• _Task to carry out_:
Where the line containing "this 1600×1066 image." appears in the records below, begin there and output each line verbatim through the last line.

• _Data supplied_:
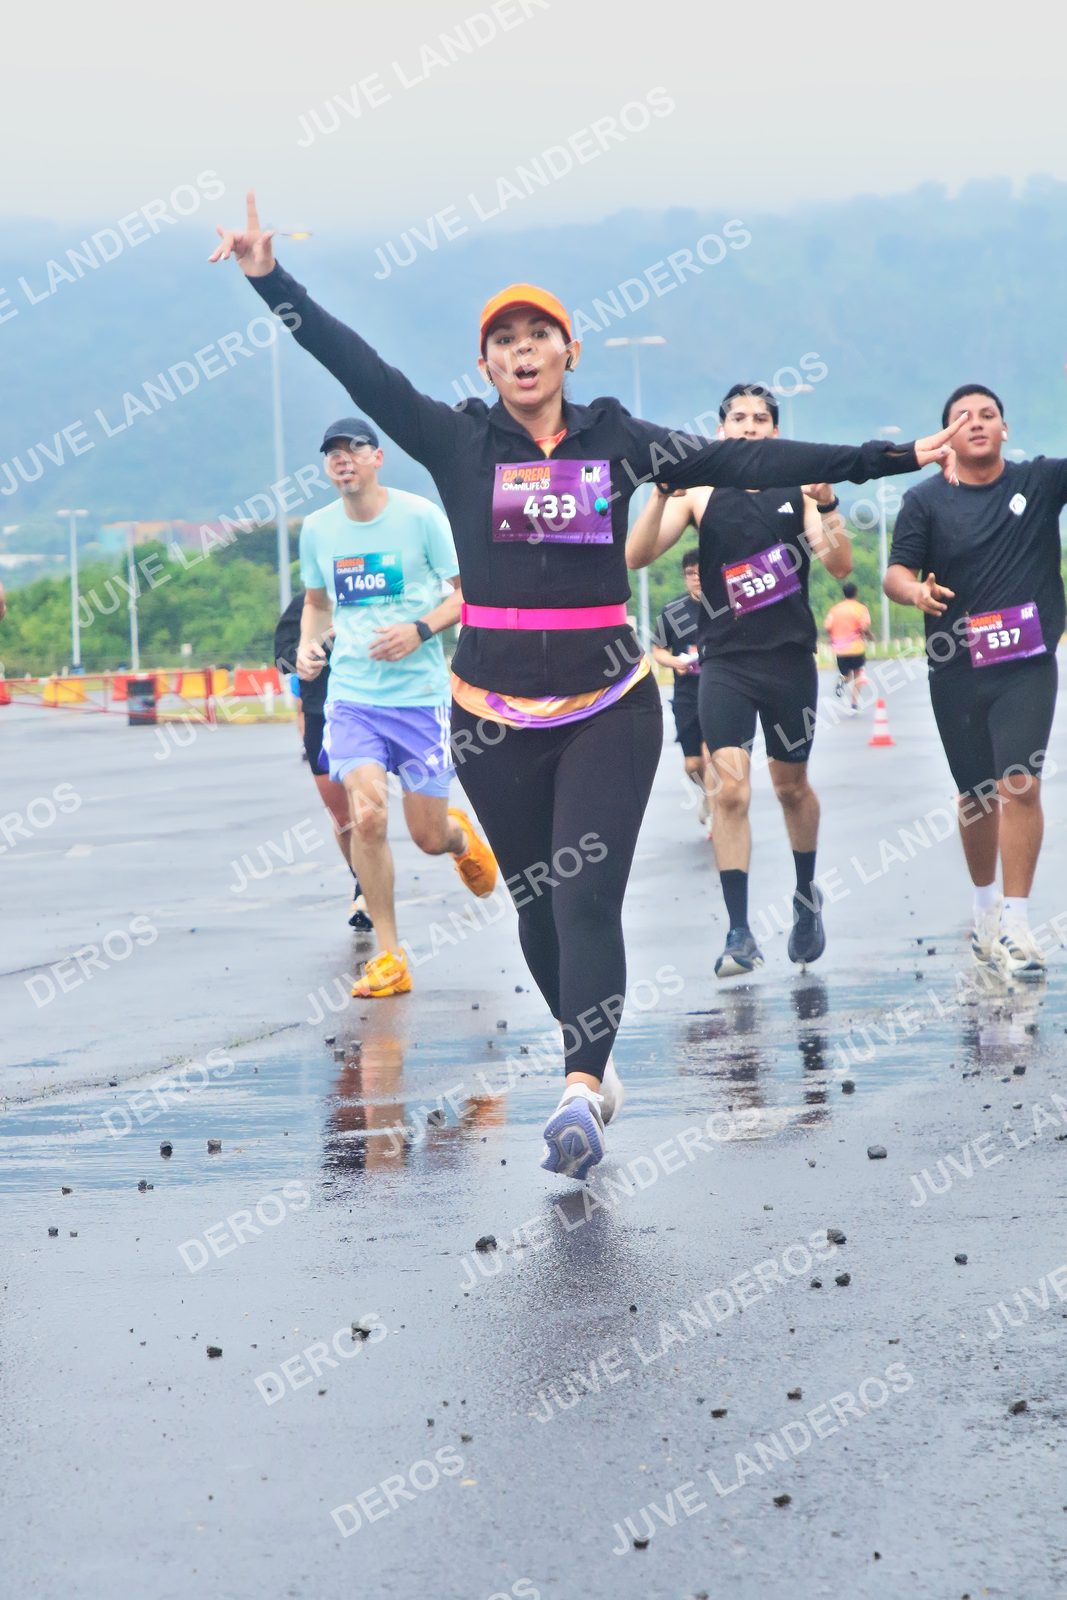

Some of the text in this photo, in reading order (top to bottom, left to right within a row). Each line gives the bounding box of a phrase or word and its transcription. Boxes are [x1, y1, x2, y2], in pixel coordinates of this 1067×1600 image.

[523, 494, 577, 518] 433
[344, 573, 386, 591] 1406
[742, 573, 776, 598] 539
[987, 628, 1020, 649] 537
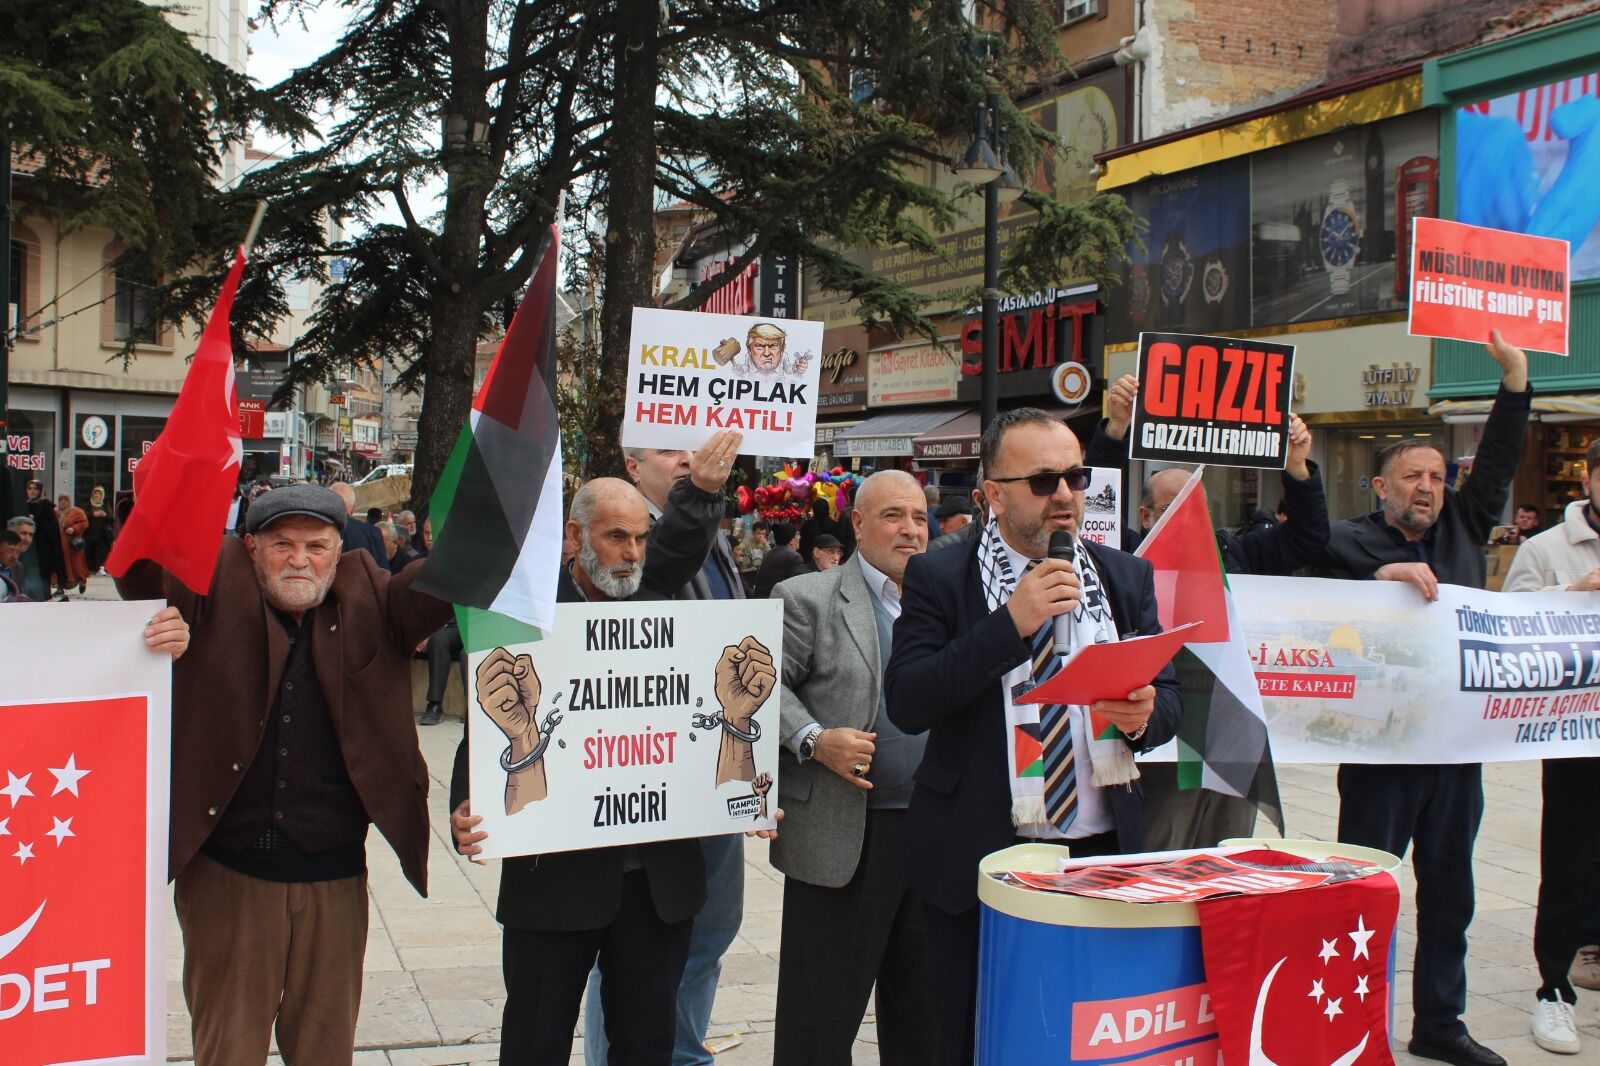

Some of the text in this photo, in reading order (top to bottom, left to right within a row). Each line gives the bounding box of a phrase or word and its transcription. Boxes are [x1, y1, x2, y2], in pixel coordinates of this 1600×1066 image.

[1419, 246, 1564, 292] MÜSLÜMAN UYUMA
[1415, 276, 1563, 324] FİLİSTİNE SAHİP ÇIK
[640, 343, 716, 370] KRAL
[893, 351, 918, 373] Gayret
[638, 373, 700, 397] HEM
[708, 377, 808, 406] ÇIPLAK
[1143, 342, 1285, 425] GAZZE
[636, 401, 698, 426] HEM
[923, 443, 962, 456] KASTAMONU
[1141, 421, 1281, 457] GAZZELİLERİNDİR
[1084, 520, 1116, 533] ÇOCUK
[586, 617, 675, 651] KIRILSIN
[1455, 605, 1547, 636] TÜRKİYE'DEKİ
[1273, 648, 1335, 668] AKSA
[1464, 643, 1583, 689] MESCİD-İ
[569, 666, 690, 711] ZALİMLERİN
[1292, 679, 1353, 694] KAPALI!
[1483, 694, 1548, 720] İBADETE
[583, 726, 678, 770] SİYONİST
[1515, 721, 1557, 743] TALEP
[593, 782, 667, 828] ZİNCİRİ
[730, 798, 761, 810] KAMPÜS
[0, 958, 111, 1021] DET

• _Exercise answer_:
Some of the text in this photo, in reading order (top to bottom, left to right within a row). Each line gives the bounding box of a phrase or word and its transcription. Boxes are [x1, y1, x2, y2], in pixel coordinates of this 1600×1066 image.

[1419, 246, 1564, 292] MÜSLÜMAN UYUMA
[1415, 276, 1563, 324] FİLİSTİNE SAHİP ÇIK
[640, 343, 716, 370] KRAL
[893, 351, 918, 373] Gayret
[638, 373, 700, 397] HEM
[708, 377, 808, 406] ÇIPLAK
[1143, 342, 1285, 425] GAZZE
[636, 401, 698, 426] HEM
[923, 443, 962, 456] KASTAMONU
[1141, 421, 1281, 457] GAZZELİLERİNDİR
[1084, 520, 1116, 533] ÇOCUK
[586, 617, 675, 651] KIRILSIN
[1455, 605, 1547, 636] TÜRKİYE'DEKİ
[1273, 648, 1335, 668] AKSA
[1464, 643, 1583, 689] MESCİD-İ
[569, 666, 690, 711] ZALİMLERİN
[1292, 679, 1353, 694] KAPALI!
[1483, 694, 1548, 720] İBADETE
[583, 726, 678, 770] SİYONİST
[1515, 721, 1557, 743] TALEP
[593, 782, 667, 828] ZİNCİRİ
[730, 798, 761, 810] KAMPÜS
[0, 958, 111, 1021] DET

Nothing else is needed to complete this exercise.